1) prorrogo a recuperação da sociedade AGROPECUÁRIA VALE DO ARAGUAIA LTDA pelo prazo de 02 (dois) anos a contar de 04 de fevereiro de 2012, com fulcro nos arts. 47 e 50 da Lei 11101/2005;

2) determino a renovação dos ofícios/intimações para a devida publicidade desta decisão;

3) intime-se o credor Gonçalo Assunção Mota para se manifestar sobre o depósito em juízo de fl. 6360. Expeça-se alvará em seu favor das quantias já depositadas às fls. 6357 e 6359. Prazo de 05 (cinco) dias.

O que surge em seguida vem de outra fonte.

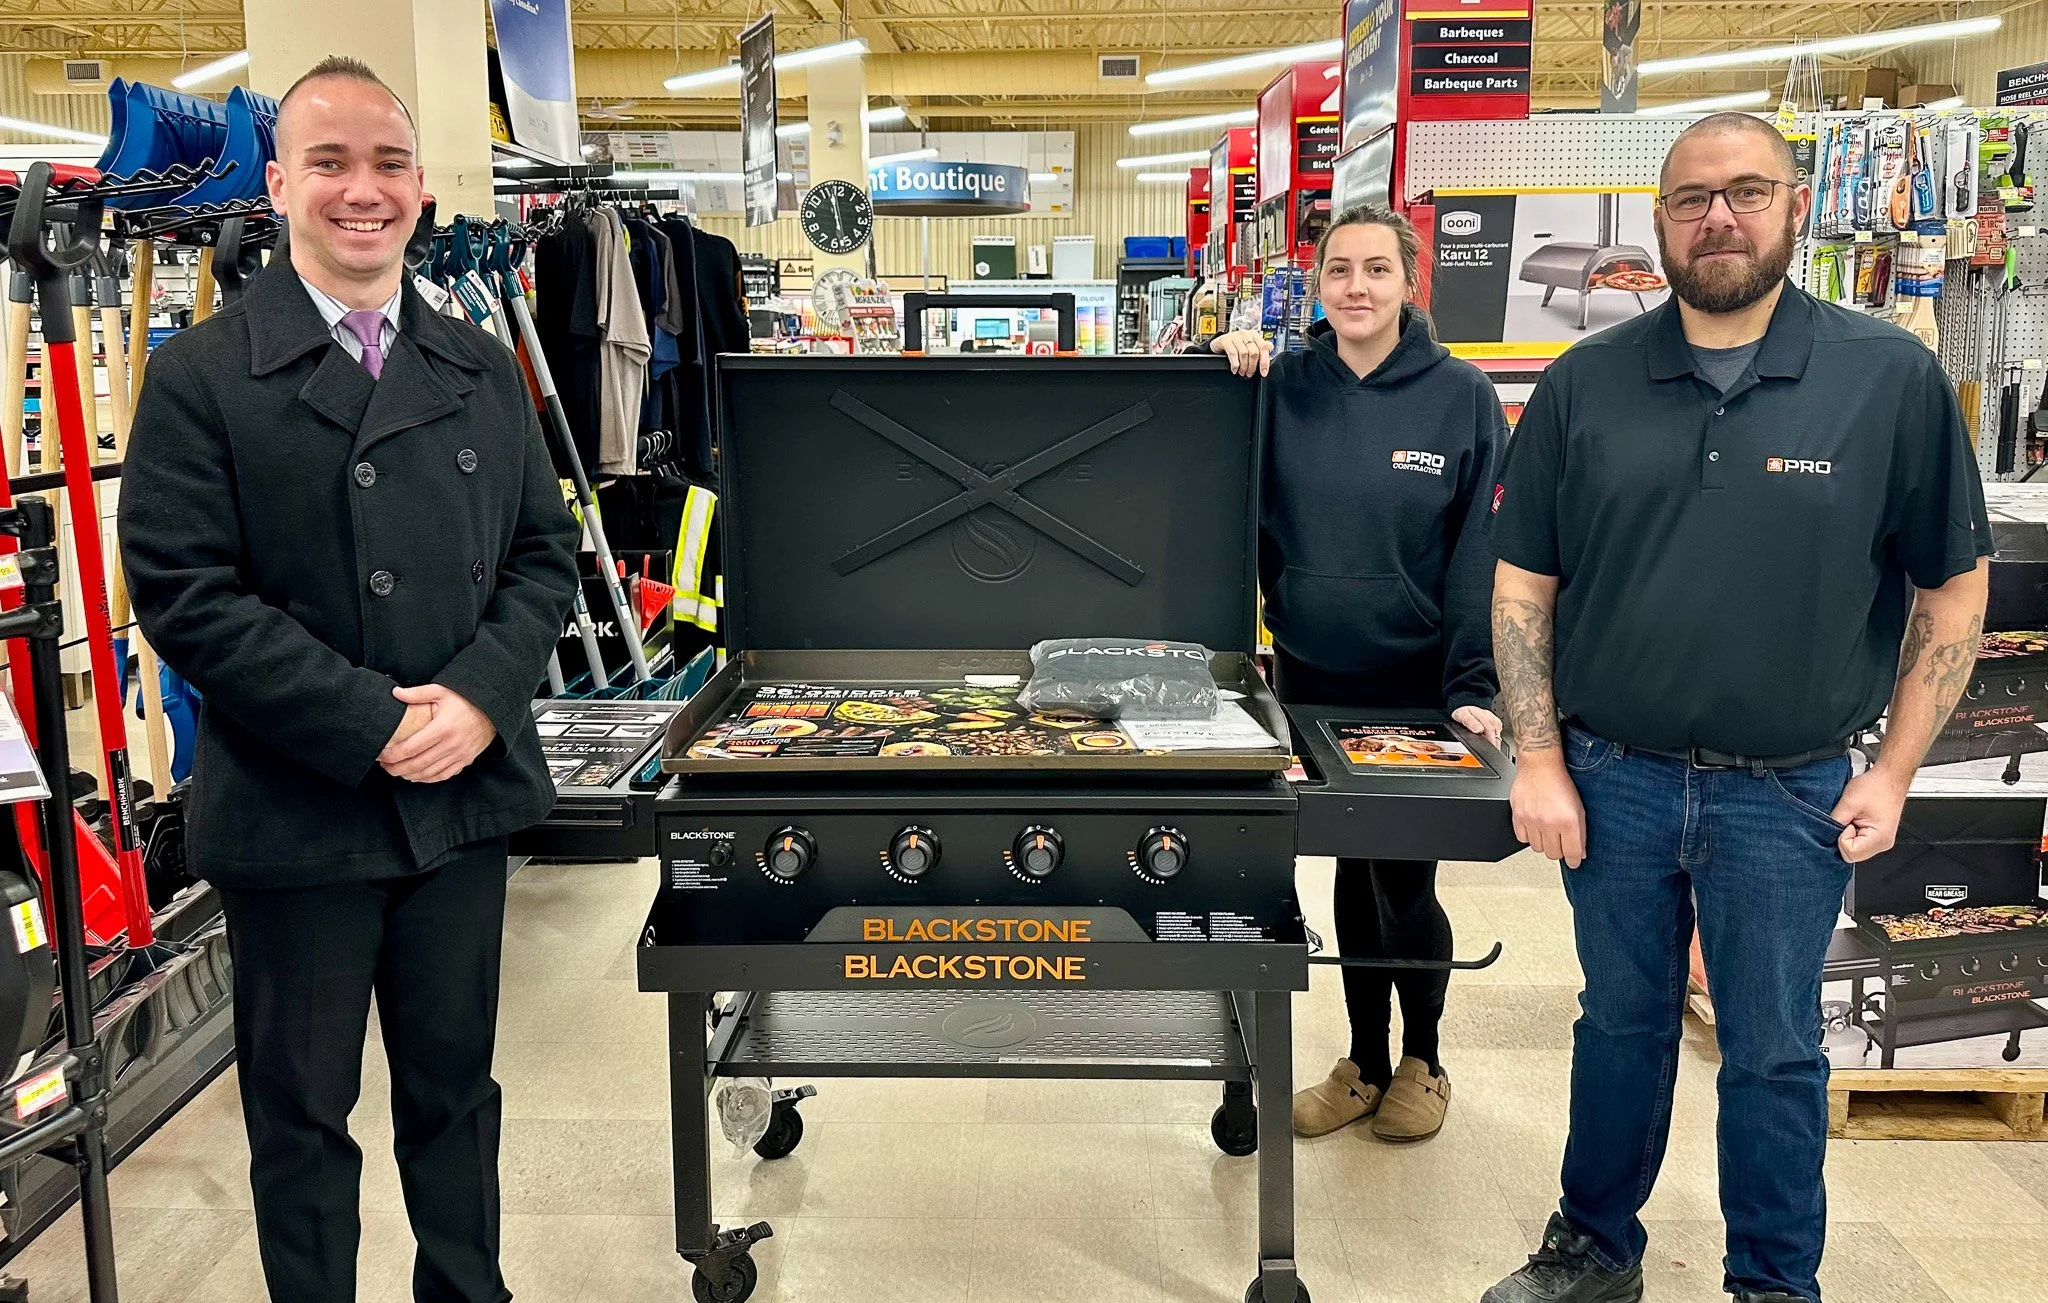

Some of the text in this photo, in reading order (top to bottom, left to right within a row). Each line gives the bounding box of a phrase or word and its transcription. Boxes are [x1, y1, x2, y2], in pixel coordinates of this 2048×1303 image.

3) expeçam-se ofícios aos juízos que tenham determinado a constrição de bens da recuperanda, recomendando a revogação das constrições que se tenham operado sobre os bens necessários ao desenvolvimento da atividade da empresa favorecida com a presente decisão;

4) a recuperanda deverá, num prazo de 15 (quinze) dias, elaborar cronograma dos pagamentos ainda pendentes (credores habilitados após o pedido de prorrogação), pagamentos que deverão ocorrer no prazo máximo de 60 (sessenta) dias, bem como esclarecer sobre as providências que tomará no que diz respeito aos débitos tributários.

5) Fixo os honorários do administrador judicial em R$ 5.000,00 (cinco mil reais) mensais, pelo prazo remanescente da presente recuperação.

P.I. Dê-se vista ao MP.

Brasília – DF, segunda-feira, 27/05/2013 às 16h13.